In the Commons the big issue was how to deal with confidentiality. We have made provision for that by the subsection of the proposed new clause in Amendment 22 that defines the right of the Government to hold back from publishing anything that they feel would harm our negotiating position in any way, for any reason, and to restrict it to a few wise heads. We do not even define how that should happen. It could be on Privy Council terms or whatever other terms the Government wanted. That seems to me an entirely sensible way to proceed. I shall not detain the House any longer, but I ask the Minister to respond to these requests in the spirit in which they have been made. These are probing amendments, which we expect to be useful, and we look forward to a positive outcome to the discussion.
My Lords, I, too, shall try to keep things brief. To pick up on what the noble Lord just said, I share the motive that I believe genuinely and sincerely underpins many of the amendments, which is to ensure that Parliament has the means to scrutinise the negotiations as they proceed. Obviously, that is the subject of the next group of amendments, which we want to get on to, but let me say now that the challenge that we—that is, Government and Parliament—face is to get the balance right between providing enough information to enable scrutiny and ensuring that our negotiating position is not revealed.

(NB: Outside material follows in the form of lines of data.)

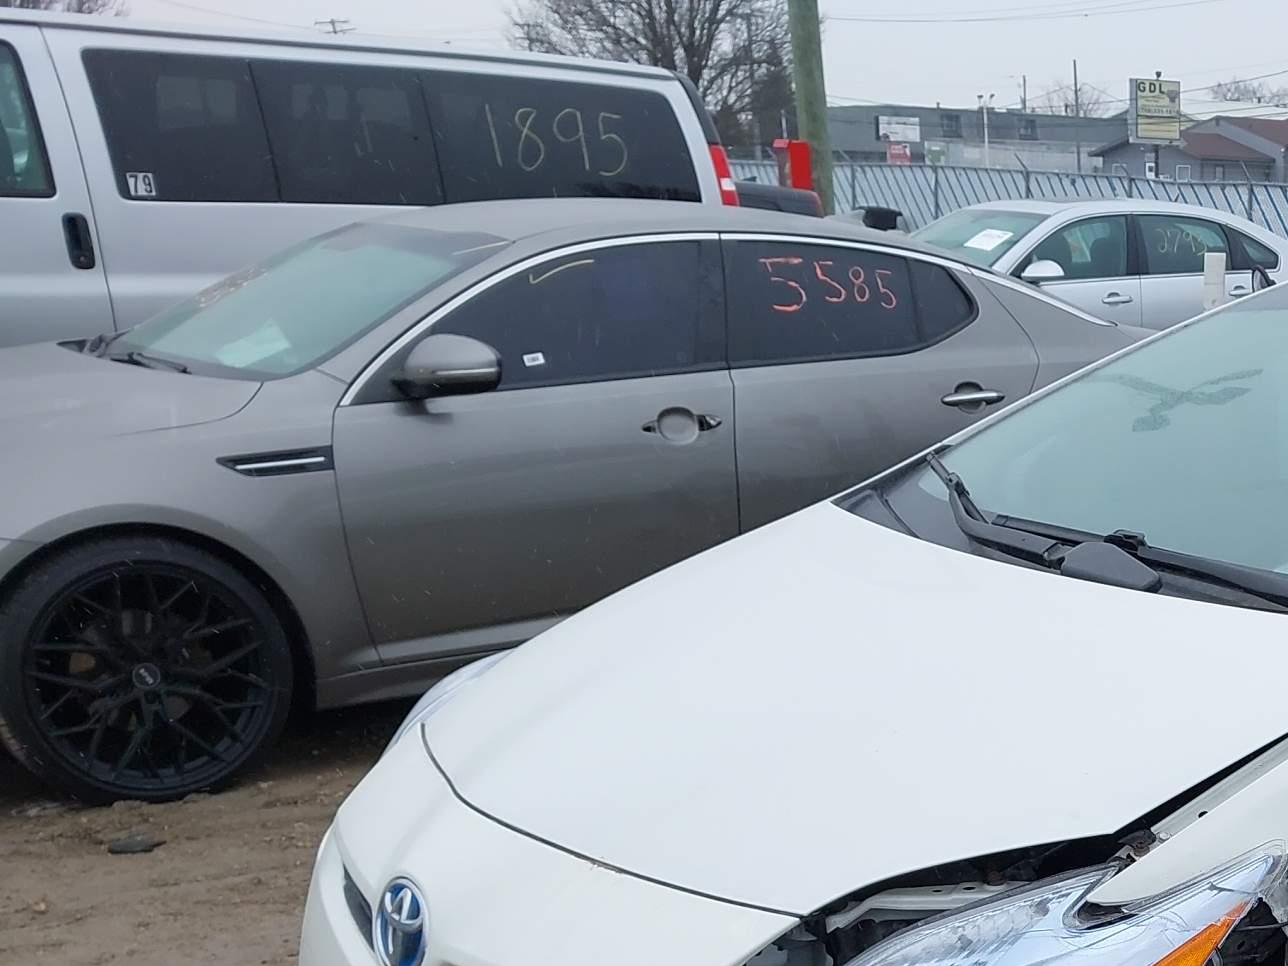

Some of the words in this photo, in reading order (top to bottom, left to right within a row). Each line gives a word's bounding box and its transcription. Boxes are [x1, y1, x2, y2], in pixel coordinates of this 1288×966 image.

[1137, 81, 1165, 94] GDL
[485, 103, 628, 176] 1895
[128, 174, 153, 194] 79
[758, 256, 898, 312] 5585
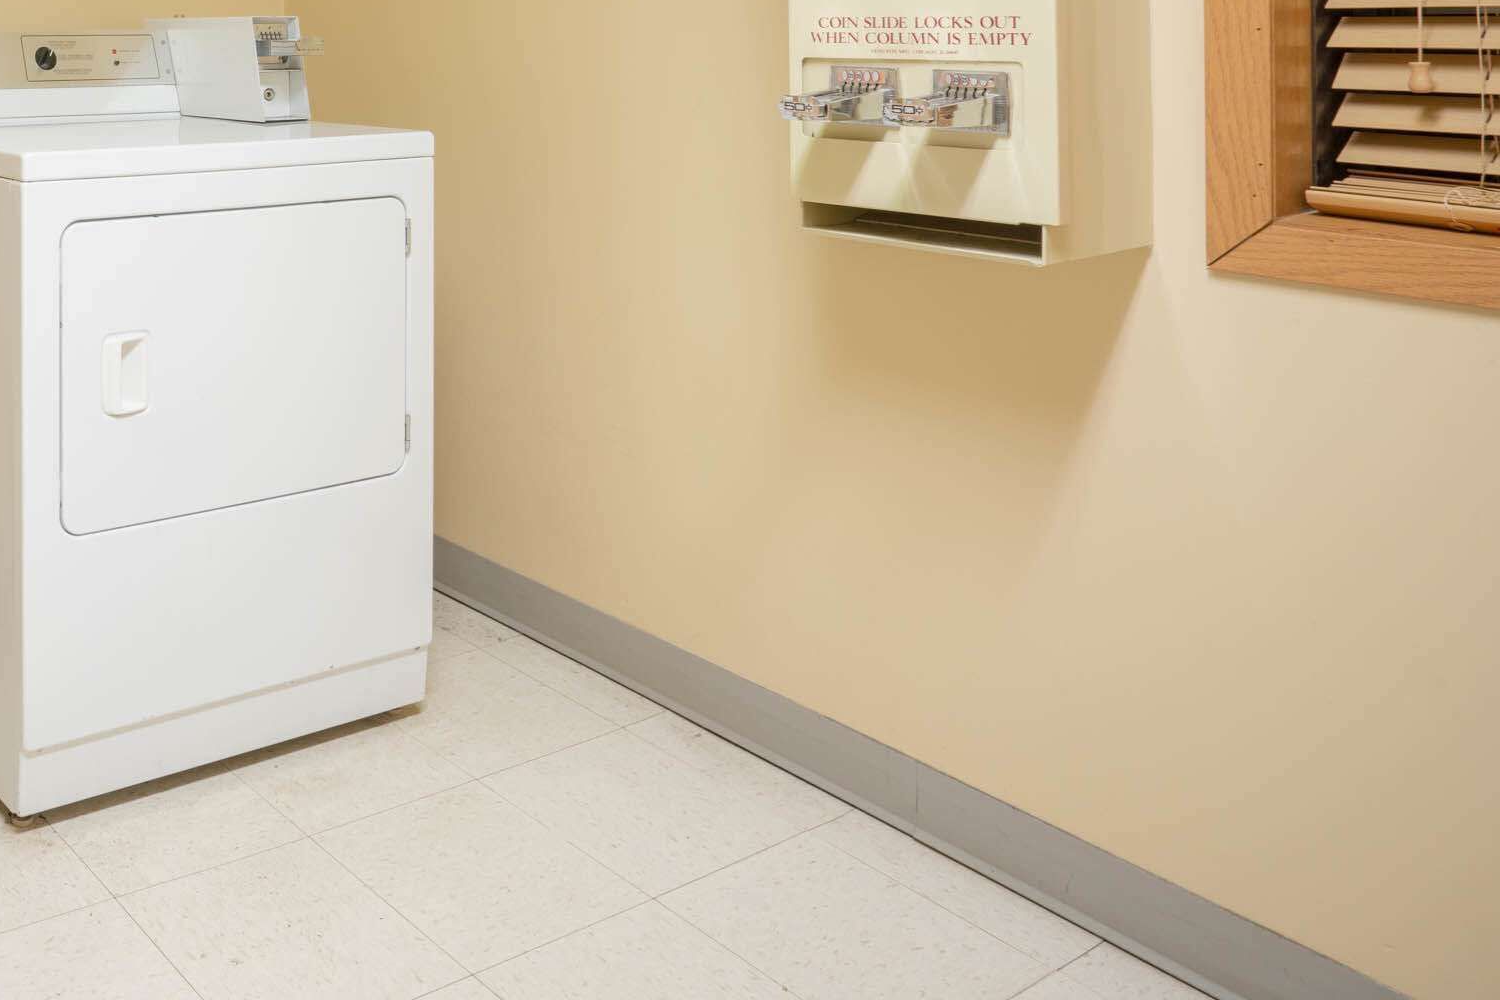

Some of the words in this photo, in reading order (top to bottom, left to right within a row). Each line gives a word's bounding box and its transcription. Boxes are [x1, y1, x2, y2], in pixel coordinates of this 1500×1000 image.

[818, 16, 858, 28] COIN
[863, 16, 908, 29] SLIDE
[914, 16, 973, 29] LOCKS
[979, 16, 1021, 29] OUT
[811, 32, 858, 44] WHEN
[865, 32, 940, 45] COLUMN
[947, 33, 961, 45] IS
[969, 32, 1031, 46] EMPTY

I would argue that some of the amendments fail that test, as they would expose the Government’s negotiating position. The noble Lord, Lord Bilimoria, and others spoke about business and business experience, and I have to say that I disagree with the noble Baroness, Lady Hayter, on this point. We have had many amicable discussions but I disagree with her on this. I see it as a cardinal rule of any negotiation not to tell those on the other side of the table how much certain scenarios and outcomes would cost or benefit you—but that is what the publication of an impact assessment would do. I fully accept that Amendment 22, which the noble Lord just mentioned, accepts that an impact assessment could be kept confidential. The whole matter of sharing information is the subject of the next group. All I would say at this stage is that this Bill is not the vehicle to insert conditions on negotiations.

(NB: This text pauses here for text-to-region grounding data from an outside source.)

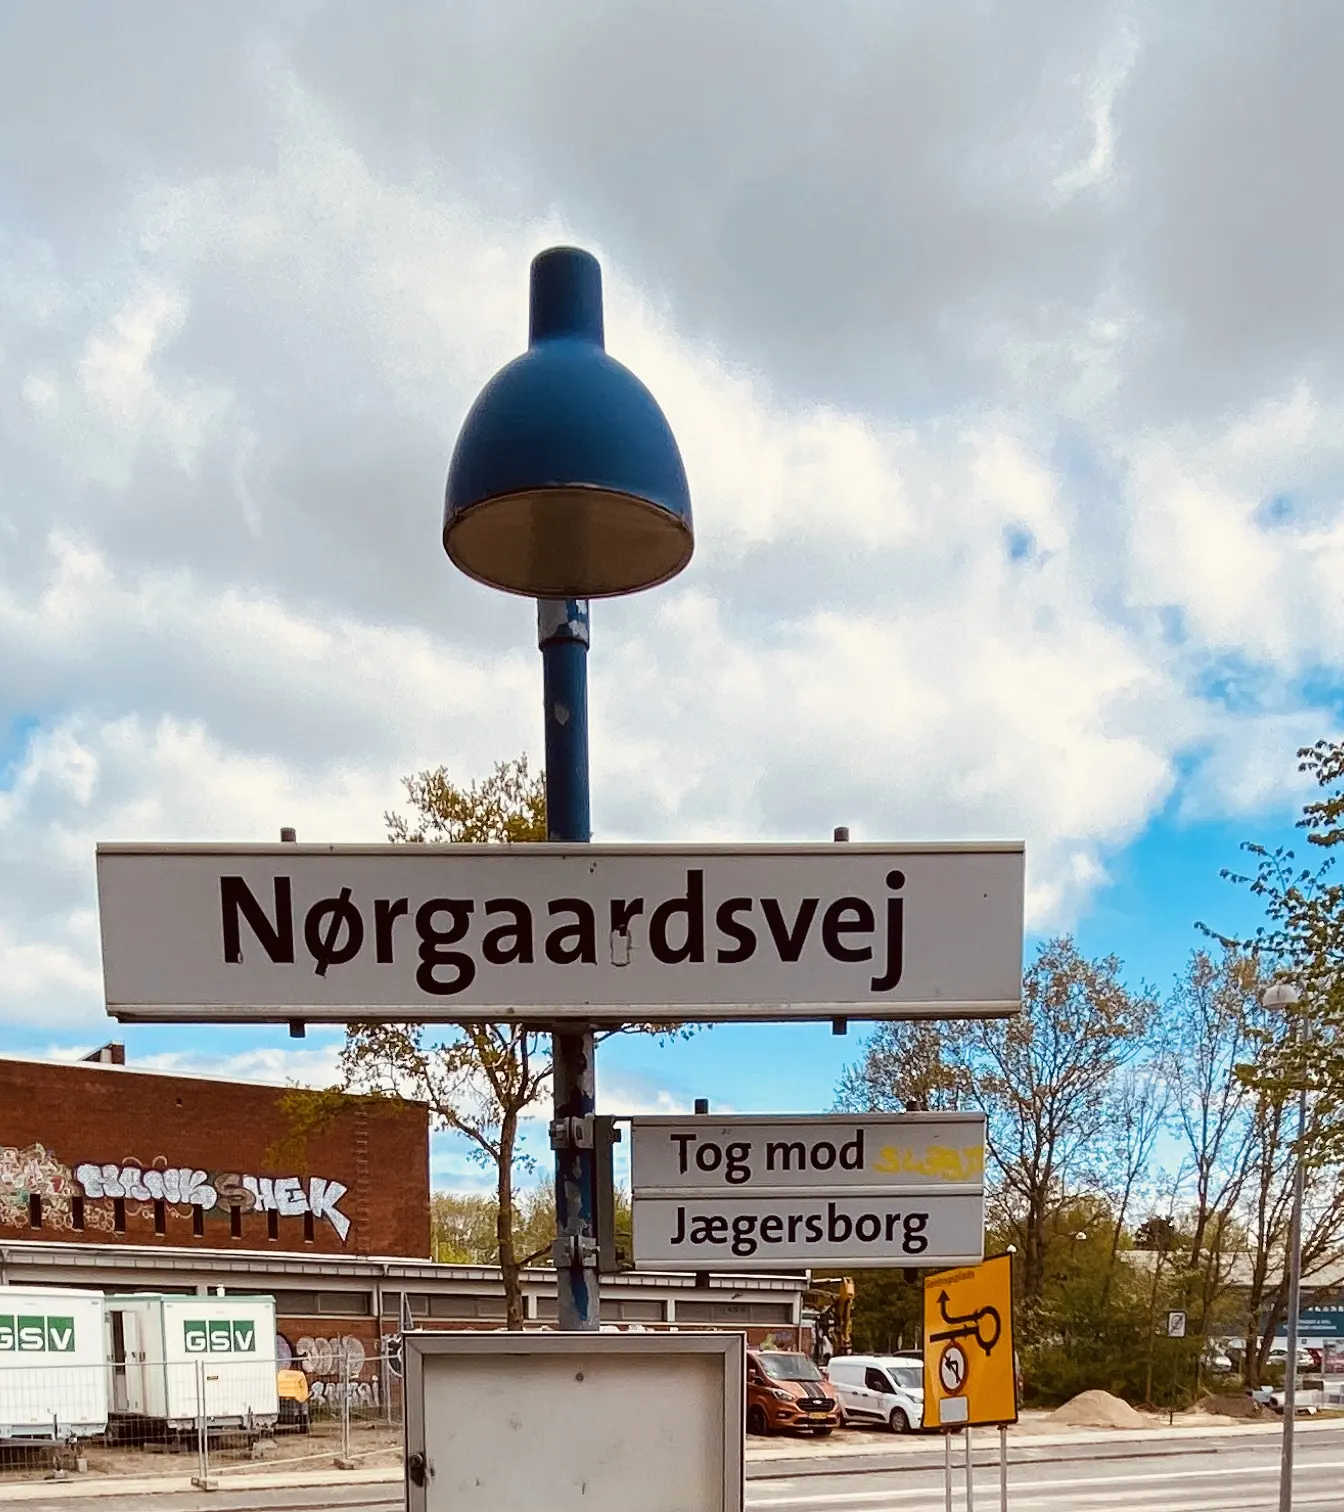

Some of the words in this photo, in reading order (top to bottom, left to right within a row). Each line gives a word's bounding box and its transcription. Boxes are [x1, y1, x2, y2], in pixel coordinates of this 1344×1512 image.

[219, 869, 907, 996] Nørgaardsvej
[670, 1132, 752, 1185] Tog
[766, 1128, 864, 1171] mod
[670, 1201, 930, 1256] Jægersborg
[185, 1329, 254, 1351] GSV

Since the referendum the Government have indeed been undertaking rigorous and extensive analysis work to support our exit negotiations, to define our future partnership with the EU and to inform our understanding of how EU exit will affect the UK’s domestic policies and frameworks. This includes analysis of what it means right across the UK, including regional analysis. I realise that this House and the other place are obviously eager to know more. So let me repeat to your Lordships what I and my fellow Ministers have said before—I am thinking specifically of the noble Lord, Lord Hannay, when I say this. If and when we believe we can share further information, we will—so long as it does not undermine our negotiating position. We will ensure that our Parliament receives at least as much information as the European Parliament.

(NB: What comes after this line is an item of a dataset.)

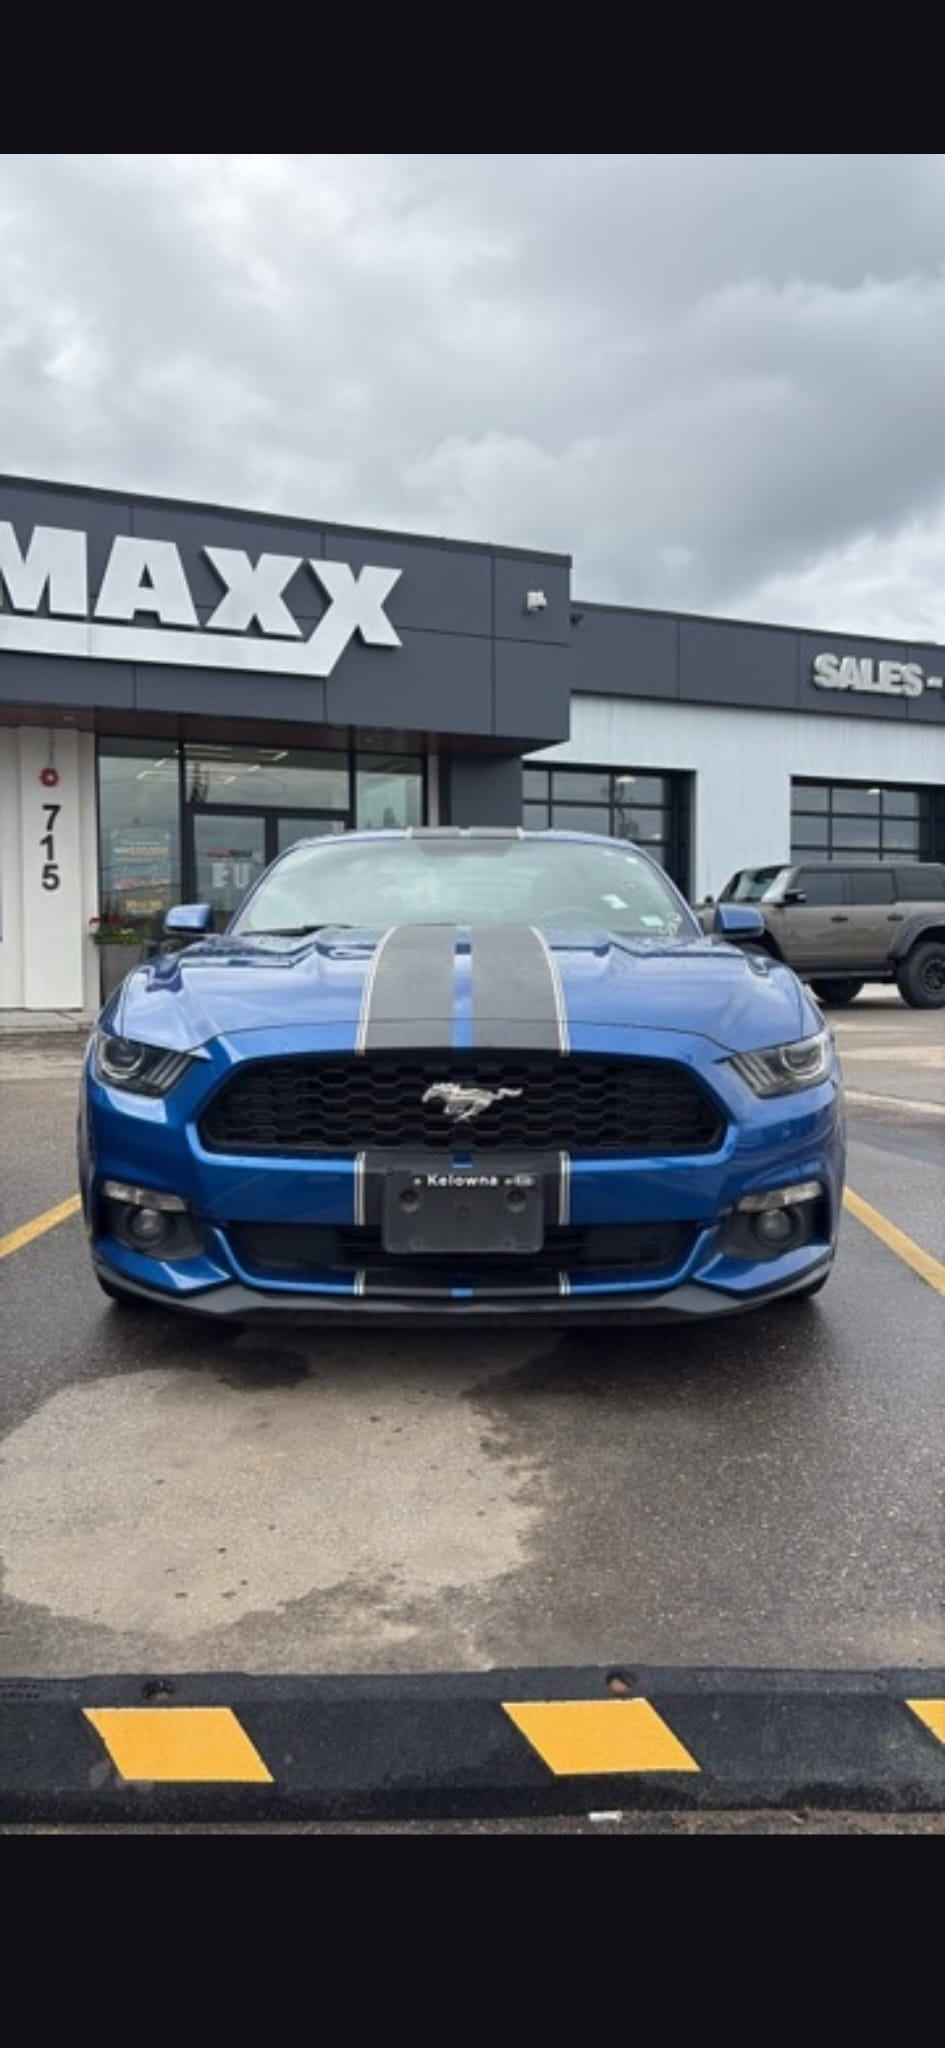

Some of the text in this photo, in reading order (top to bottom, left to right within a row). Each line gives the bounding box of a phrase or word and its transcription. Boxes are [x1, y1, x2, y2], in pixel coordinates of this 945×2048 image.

Let me now address some specific points that were raised. Amendment 27 refers to the Equality Act 2010 and protected characteristics. We are of course aware that exiting the EU will herald change in a whole host of ways. I can assure the House that all the protections covered in the Equality Act 2006 and the Equality Act 2010 will continue to apply once the UK has left the European Union. The UK is already well placed to continue championing equality, thanks in part to the legal protection assured by the Equality Acts.
The public sector equality duty requires public authorities, in the exercise of their functions, to have due regard to the need to eliminate discrimination, harassment and victimisation, to advance equality of opportunity and to foster good relations between people who share protected characteristics and those who do not. We will continue to comply with our legal obligations under that Act.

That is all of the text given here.